At thirteen, you had Victoire Weasley. And who are you kidding? You never wanted anyone else. (And all you have now is cheap booze and cigarettes because your fairytale didn't last so long after all.)
You want starlight and streetlights and cigarette smoke - you want crooked, rusty halos and gold that doesn't gleam as bright as it used to. How could you tell them that? How could you whisper into Louis' ear that his hair was the exact same shade as his sisters?
How could you murmur into Dominique's thigh that their hands could have been identical in the right light?
No, love; you couldn't.
They are still your family (and your lovers and your friends and, dear god, is this all you are now?) and you still love them so you refuse to burn them anymore because the scars are like fireworks on their skin, curling around their necks and pooling into the corners of their dimples and they do not deserve them.
Compared to you, they are so pathetically mortal that you have to handle them with care and never press too hard in case they shatter.
(Maybe Louis isn't an angel after all - maybe Dominique isn't made of diamond - and maybe Victoire-)
You are fourteen when you hear the news; Rose whispers it into your ear like a secret.
Victoire.
Still-born, they tell you. At first they thought her baby was alive because of the screaming that filled the room, but Victoire knew, they tell you sadly. She cried and she wailed and she held out her arms for her baby her baby her baby but her baby was dead, they said, before she was even alive.
You are seventeen years old when Victoire slits her wrists in your bedroom at home.
The Hogwarts Express doesn't move quick enough and by the time you reach your room, sweetie, it is too late and you know it.
- too late too late too late -
There is so much blood and you cradle it in your hands and oh god, she's dead she's dead she's dead - and this is it. This is the end of your world and the end of you and you realise that immortality is not worth a thousand years of burning.
So you take one bottle of Firewhiskey that was resting in Victoire's hand and empty it over the room.
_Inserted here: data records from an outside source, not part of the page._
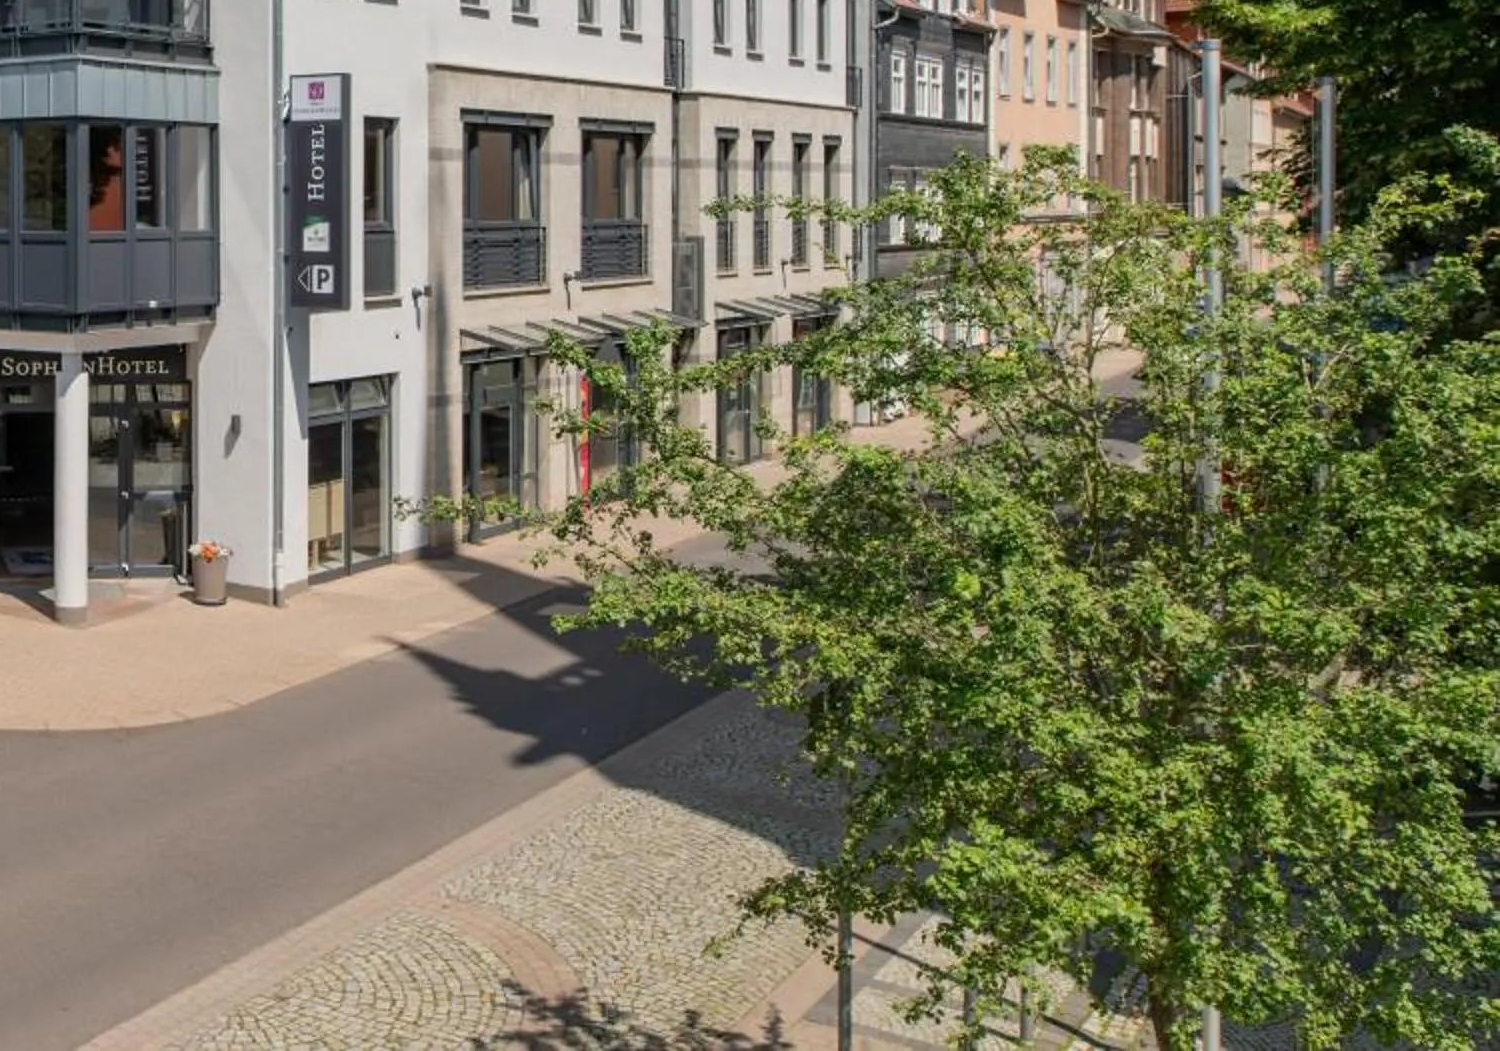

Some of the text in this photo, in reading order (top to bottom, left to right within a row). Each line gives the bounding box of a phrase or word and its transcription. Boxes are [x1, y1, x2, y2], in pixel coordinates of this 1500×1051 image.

[307, 123, 325, 202] HOTEL
[317, 268, 330, 290] P
[1, 356, 169, 377] SOPHNHOTEL
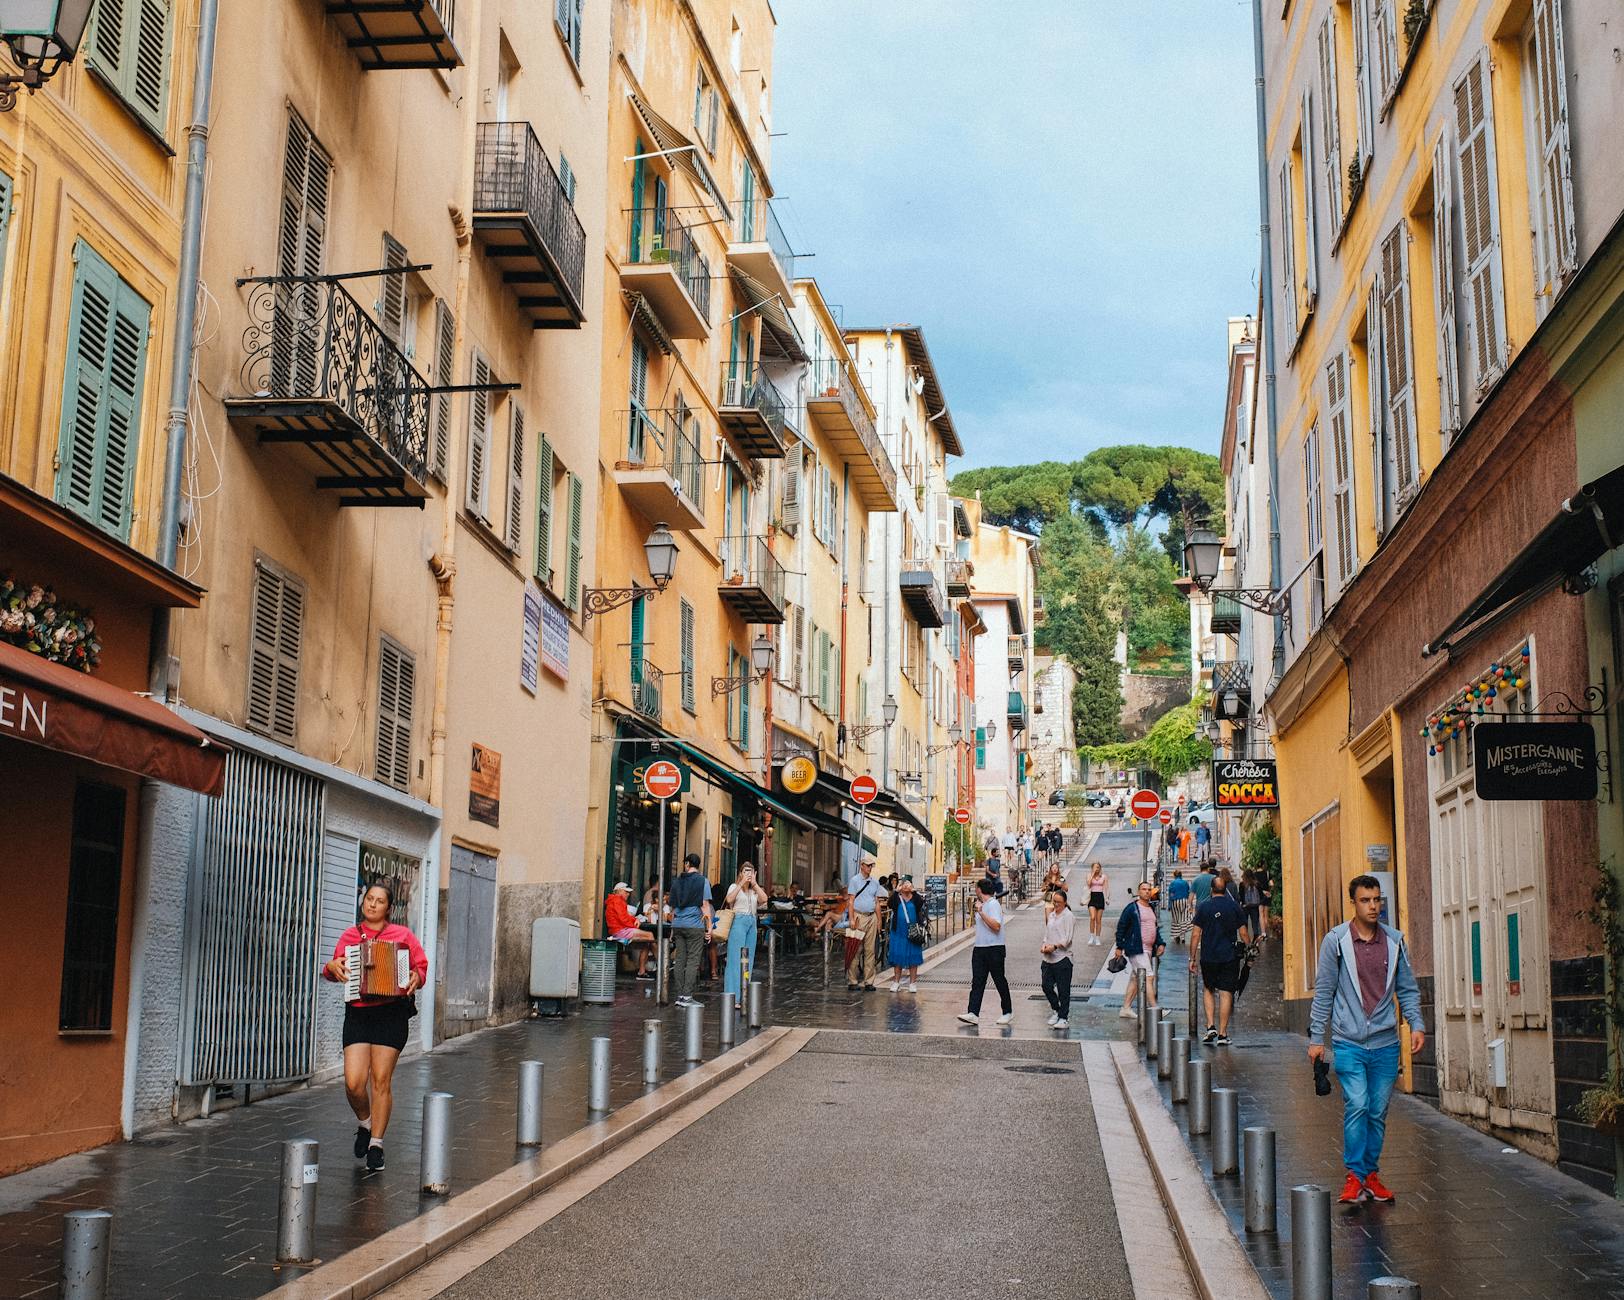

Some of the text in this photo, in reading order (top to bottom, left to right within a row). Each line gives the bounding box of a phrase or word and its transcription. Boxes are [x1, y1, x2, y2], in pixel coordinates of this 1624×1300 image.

[0, 686, 47, 738] EN
[791, 770, 807, 779] BEER
[1218, 783, 1277, 804] SOCCA
You gulp down another and shatter the glass against your bedpost so it falls on her head like glitter.
(She shines like silver.)
It takes only a breath - a cry of SHE'S FUCKING DEAD, YOU IDIOTS, SO ARE YOU PROUD NOW? SHE'S FUCKING DEAD SHE'S DEAD SHE'S - and the hiss of a match before the room is set on fire.
(i)
The burns are severe, they tell you. The emotional damage is worse. You won't recover use of your hands, and you will never see the world outside this padded room.
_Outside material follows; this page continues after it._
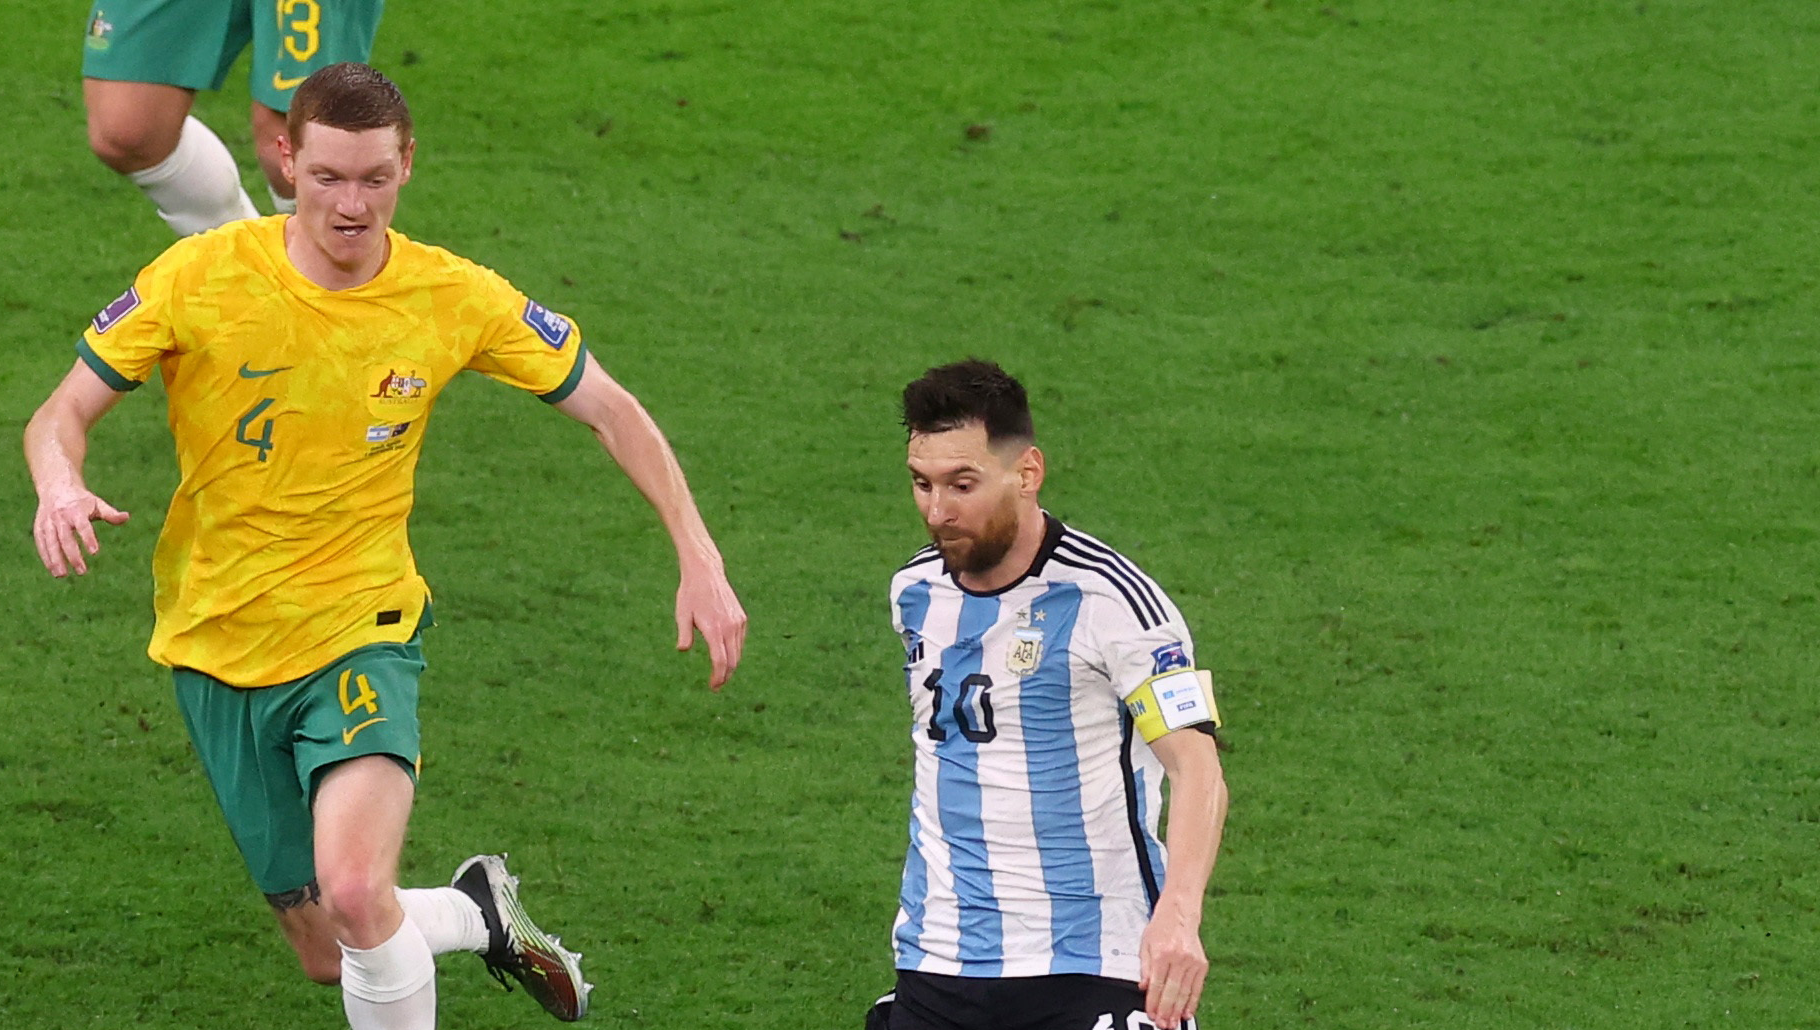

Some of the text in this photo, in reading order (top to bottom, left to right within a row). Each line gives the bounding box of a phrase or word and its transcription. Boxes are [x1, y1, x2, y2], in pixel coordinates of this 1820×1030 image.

[236, 397, 276, 463] 4
[338, 668, 378, 715] 4
[923, 668, 997, 744] 10
It is a sadder sentence than they think.
You don't move for two months because you can't - there is a physical weight on your chest pinning you to your bed, and you couldn't lift your fingers if you tried. This is your punishment, Lucy. This is your price for immortality.
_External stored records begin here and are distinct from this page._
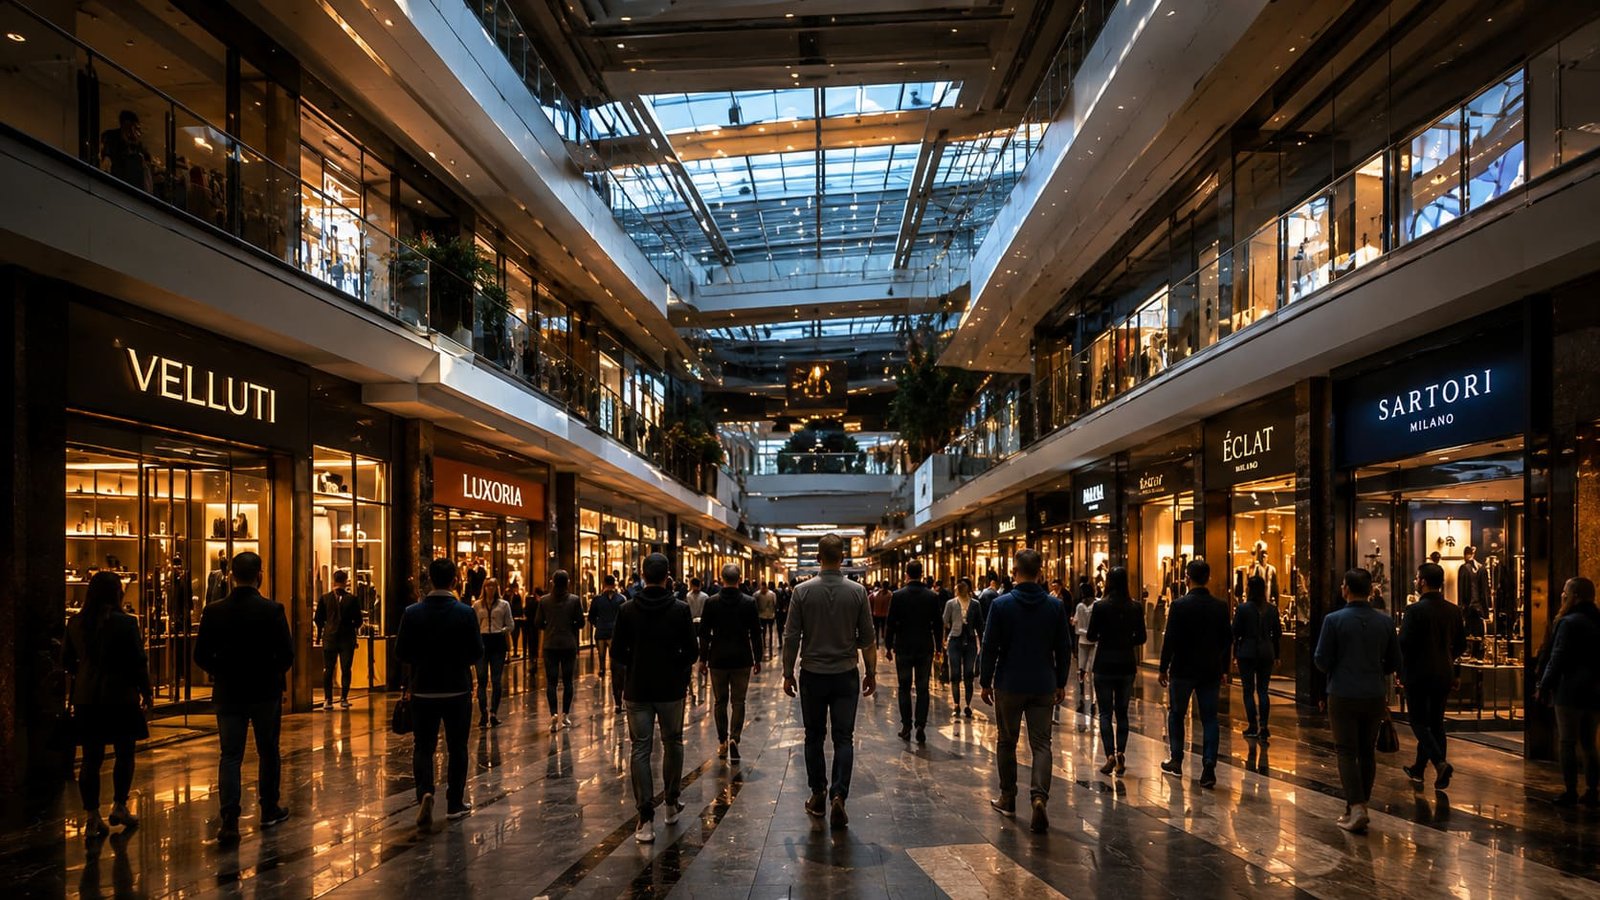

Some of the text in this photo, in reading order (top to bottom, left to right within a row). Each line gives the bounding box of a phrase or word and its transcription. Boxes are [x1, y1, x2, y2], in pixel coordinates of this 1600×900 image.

[126, 347, 275, 423] VELLUTI
[1378, 369, 1492, 421] SARTORI
[1410, 413, 1454, 432] MILANO
[1223, 426, 1274, 462] ÉCLAT
[463, 474, 523, 507] LUXORIA
The machines keep you alive, a steady hum of lost faith beside you, and darling, you wonder if you were ever a real girl at all.
There are no streetlights in this room, even though you beg Dominique to paint you some on the white-wash walls. She says she isn't allowed.
Louis visits and you think you punch him. You're not sure.
Your parents cry and you try to say you're sorry, but the words come out as garbled and you think you cry. Just before they leave, Mummy lights a cigarette, but her fingers shake so badly that she drops it and you briefly wonder what would happen if it set the hospital ablaze.
Daddy squishes it with the toe of his shoe and then kneels on the ground and touches your cheek and asks if you're going to be okay.
You smile instead. Or maybe you snarl.
Either way, you only get one visitor now, and you don't mind, not really. When she presses a kiss to your forehead, your room is golden and that well-known fire sparks again, just slightly, enough to make the scars hurt and your heart hurt even more.
(Your tears shine like silver.)
All you have left, now, sweetheart, is starlight and streetlights and cigarette smoke, because in the end, Victoire didn't save you.
But her smile is sweet and her hands are cold and you kind of think mortality wouldn't be so bad after all.